Published by Luc Galoppin, on 02/10/2010
From the previous generations there is no evidence that building more autonomy and purpose into our work environments may lead to happier and more productive people. Luckily times are changing and leaders have to get out of the way for their organizations to survive in the knowledge economy.
Behavioral science shows that we want to be self-directive. But the truth is that we are climbing out of the industrial revolution and simply don’t know how to redesign our workplaces for more autonomy. It is still tempting to believe that the best way to motivate people is with external rewards like money.
According to Daniel Pink that is a mistake. In his latest book Drive: The Surprising Truth About What Motivates Us, he builds on more than 40 years of research on motivation to prove that there are flaws in this thinking. But it is only now – when we can no longer deny the end of the industrial revolution and failing of ‘if-then motivation technology’ – that these insights are starting to make sense.
Carrots and Sticks
To understand why the carrot-and-stick logic is failing more and more we need to have a look at what drives people. Human beings are stimulated by a mix of drives: biological drives (we do things because we are hungry, thirsty, horny, etc.); a reward and punishment drive (the external reward to which we do respond very well) and a contribution drive (doing things because they are interesting and because they give us a feeling of belonging).
Over the past decades, ‘work’ as we know it since the industrial revolution has changed. In our knowledge economy, work is no longer repetitive, straightforward, well defined and rules-based. Yet, this is what all of the past generations in the world of work have been doing for a living and for a very long time.
Today’s work is increasingly non-routine. It requires a greater degree of creativity in order to solve the more complex challenges. The bad news is that carrot-and-stick motivators – which are very good when you need to follow a repetitive set of instructions – are no longer effective in this new context. According to Pink, this requires a different ‘technology for motivating people to do it’.
Pink also found that external rewards sometimes demotivate people. He calls them ‘if-then’ motivators. This means that they are very good at focusing our minds and directing our attention in a tight way. This is great to achieve specific and well defined goals. But when performing creative and conceptual tasks they are less effective. As Pink puts it: ‘this defies the laws of behavioral physics.’
Internal or External Rewards?
To cut this one short: you have to pay people enough. Frederick Herzberg’s Two Factor Theory (1959) is a ‘classic’ that is still proves to be valuable in this context. According to this theory, people are influenced by two factors. First, motivation factors, which help increase satisfaction but have little effect on dissatisfaction. Second, hygiene factors which, if absent or inadequate, cause dissatisfaction, but their presence has little effect on long-term satisfaction.

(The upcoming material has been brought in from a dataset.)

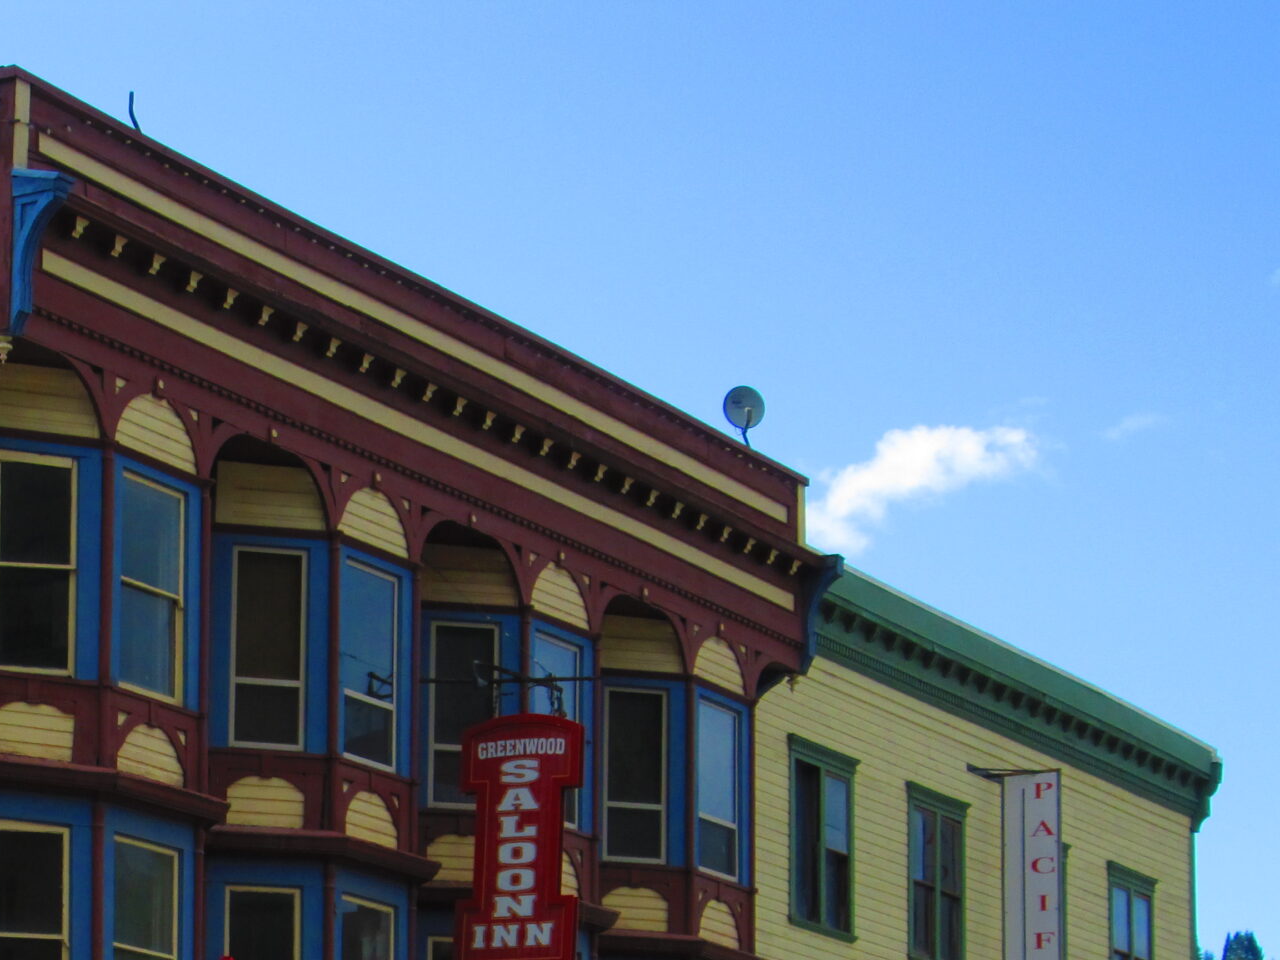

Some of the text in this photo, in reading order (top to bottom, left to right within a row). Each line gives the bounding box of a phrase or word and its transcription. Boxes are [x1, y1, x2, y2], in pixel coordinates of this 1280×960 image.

[477, 738, 566, 760] GREENWOOD
[493, 759, 540, 918] SALOON
[472, 922, 554, 949] INN
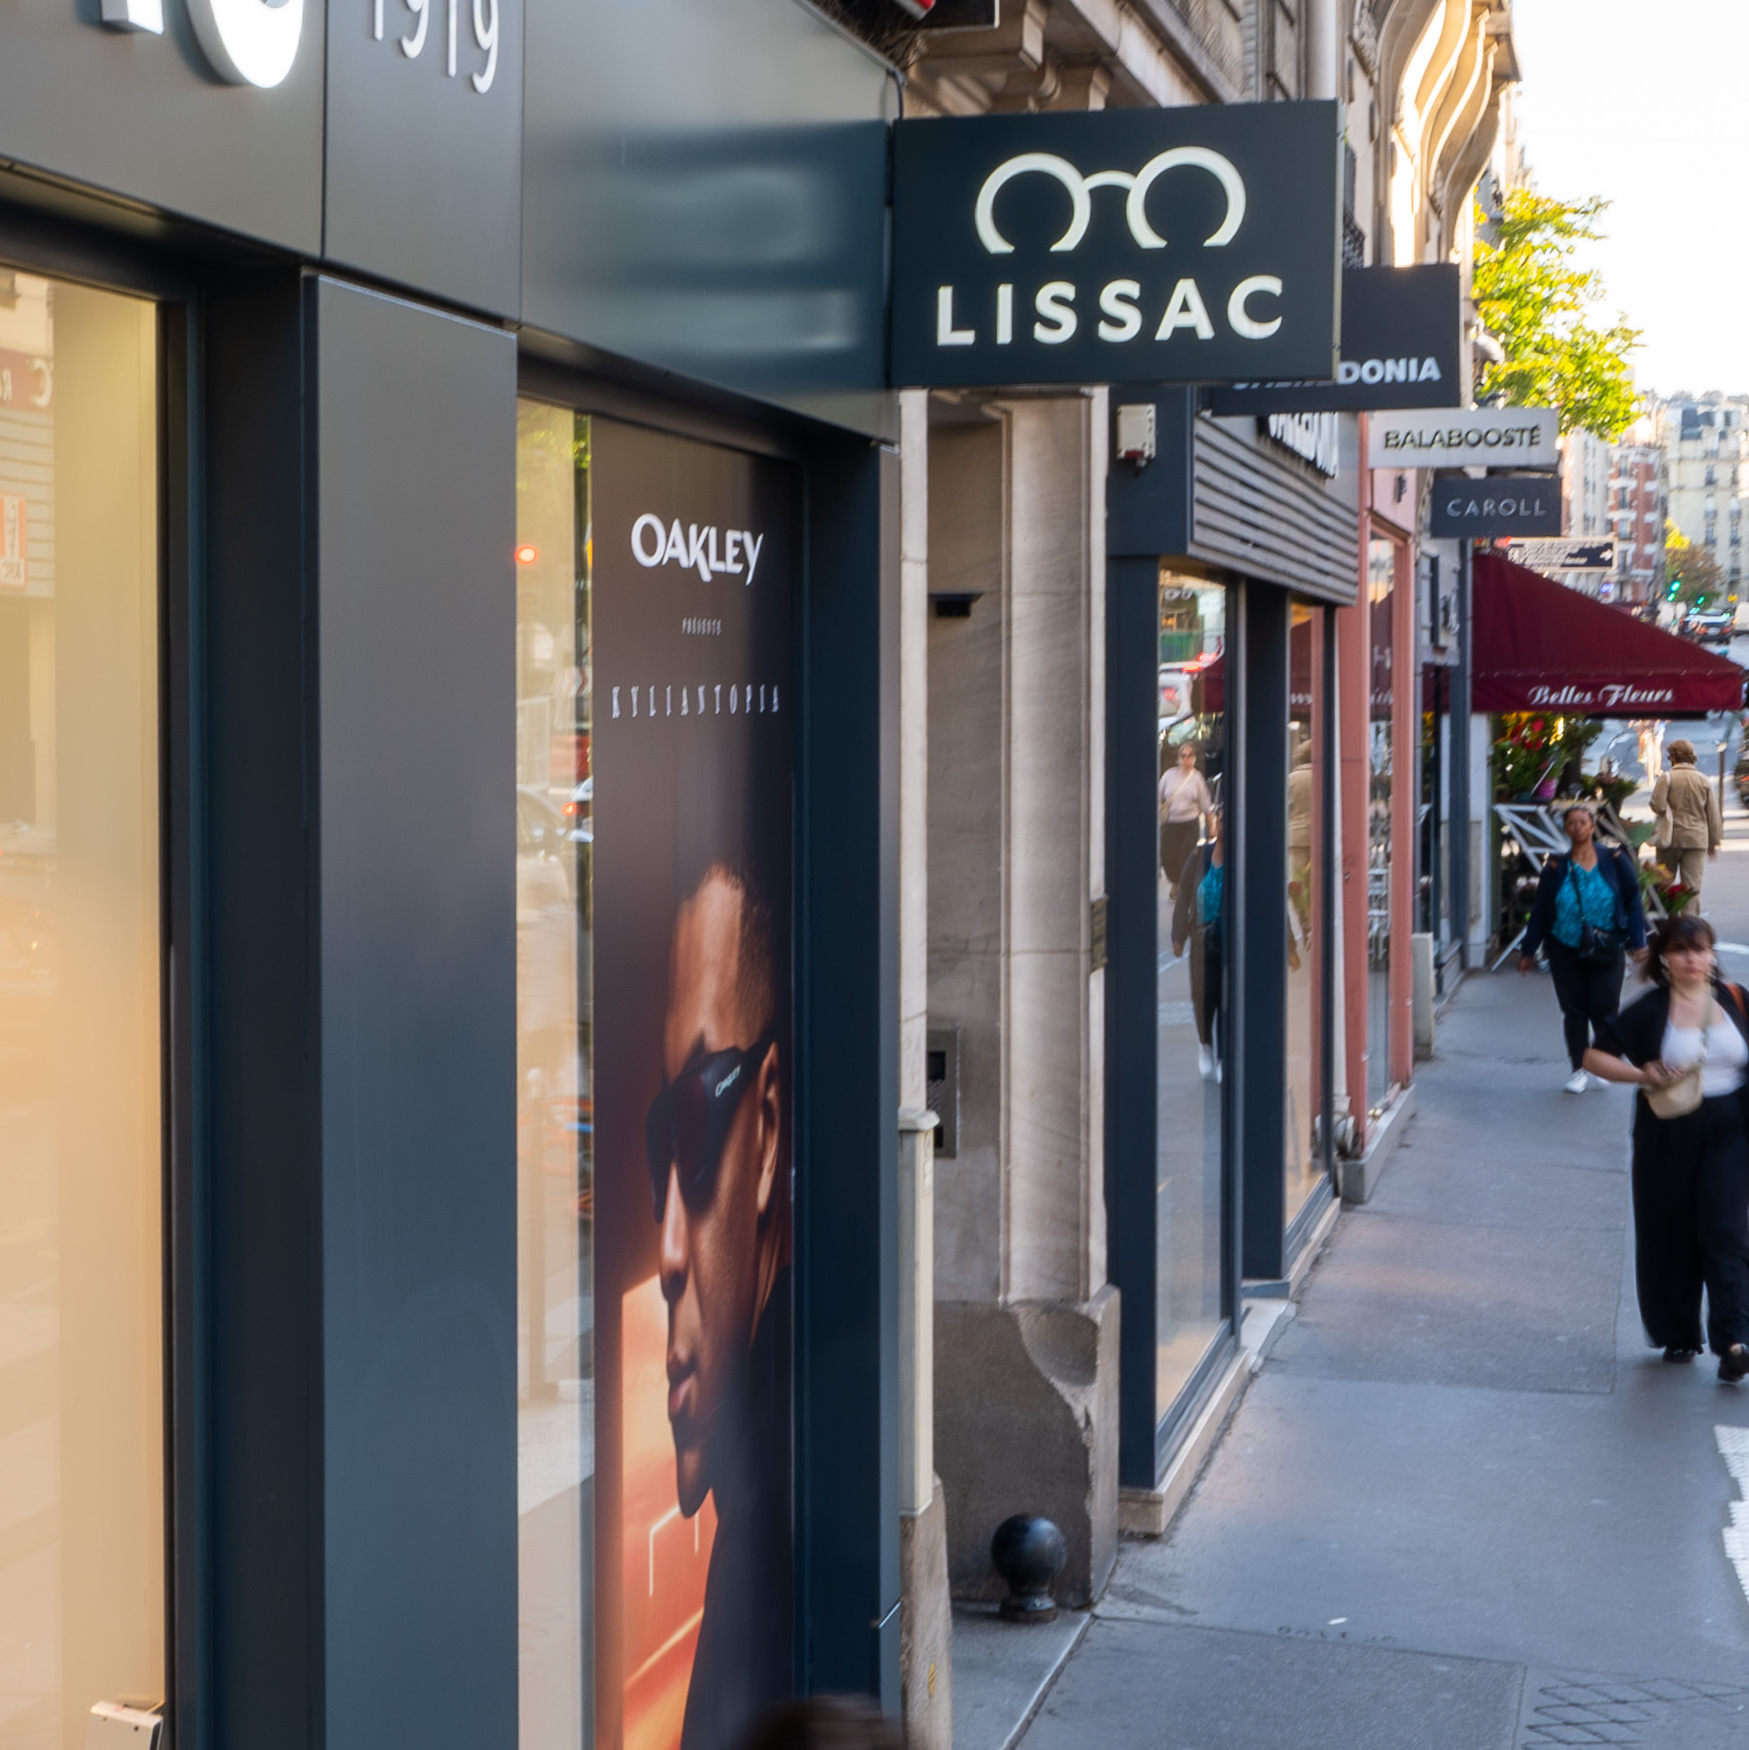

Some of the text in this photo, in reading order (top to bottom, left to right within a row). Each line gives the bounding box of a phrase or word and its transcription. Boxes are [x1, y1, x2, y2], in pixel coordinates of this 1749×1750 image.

The external reward of money is a hygiene factor; if you are not paying people enough, there will be no motivation. You have to pay people enough to get the issue of money off the table. If people are paid enough they can focus on the work. That is when you can switch to what Frederick Herzberg called the ‘motivators’: the factors which help increase performance.
But then, which rewards leads to enduring performance? To Dan Pink, the answer is pretty clear:
1. Autonomy: need to direct our own lives;
2. Mastery: the desire to learn and create new things;
3. Purpose: being in service of something that is larger than oneself
Note: these are all internal rewards and they call for managers and leader to replace control with trust; in other words: to get out of the way. The Atlassian example in the video above is an example of radical autonomy that reduces if-then motivation and infuses autonomy in the workplace.
Autonomy allows people to make progress and animates what people are doing with a greater sense of purpose. Instead of engineering elaborate incentive schemes, managers should recognize progress and shine a light on progress. In their book Switch: How to Change Things When Change Is Hard, Chip and Dan Heath refer to this as finding the ‘bright spots’ and using them actively for shaping the path.
It’s Not About Rewards, It’s About Progress!
And there is more. The biggest surprise in this debate comes from the research findings that suggest that rewarding is not the issue at all. What really motivates people is the sense of making progress!
In a recent article of Harvard Business Review, Teresa Amabile and Steven Kramer present the astonishing results of a multiyear study tracking the day-to-day activities, emotions, and motivation levels of hundreds of knowledge workers.
A close analysis of nearly 12,000 diary entries, together with the writers’ daily ratings of their motivation and emotions, shows that making progress in one’s work—even incremental progress—is more frequently associated with positive emotions and high motivation than any other workday event.
The authors conclude that managers have powerful influence over events that facilitate or undermine progress. They can provide meaningful goals, resources, and encouragement, and they can protect their people from irrelevant demands. Again, the great catchphrases of Jeff Jarvis – the Google evangelist – resonate here: First, be a platform; then, get out of the way!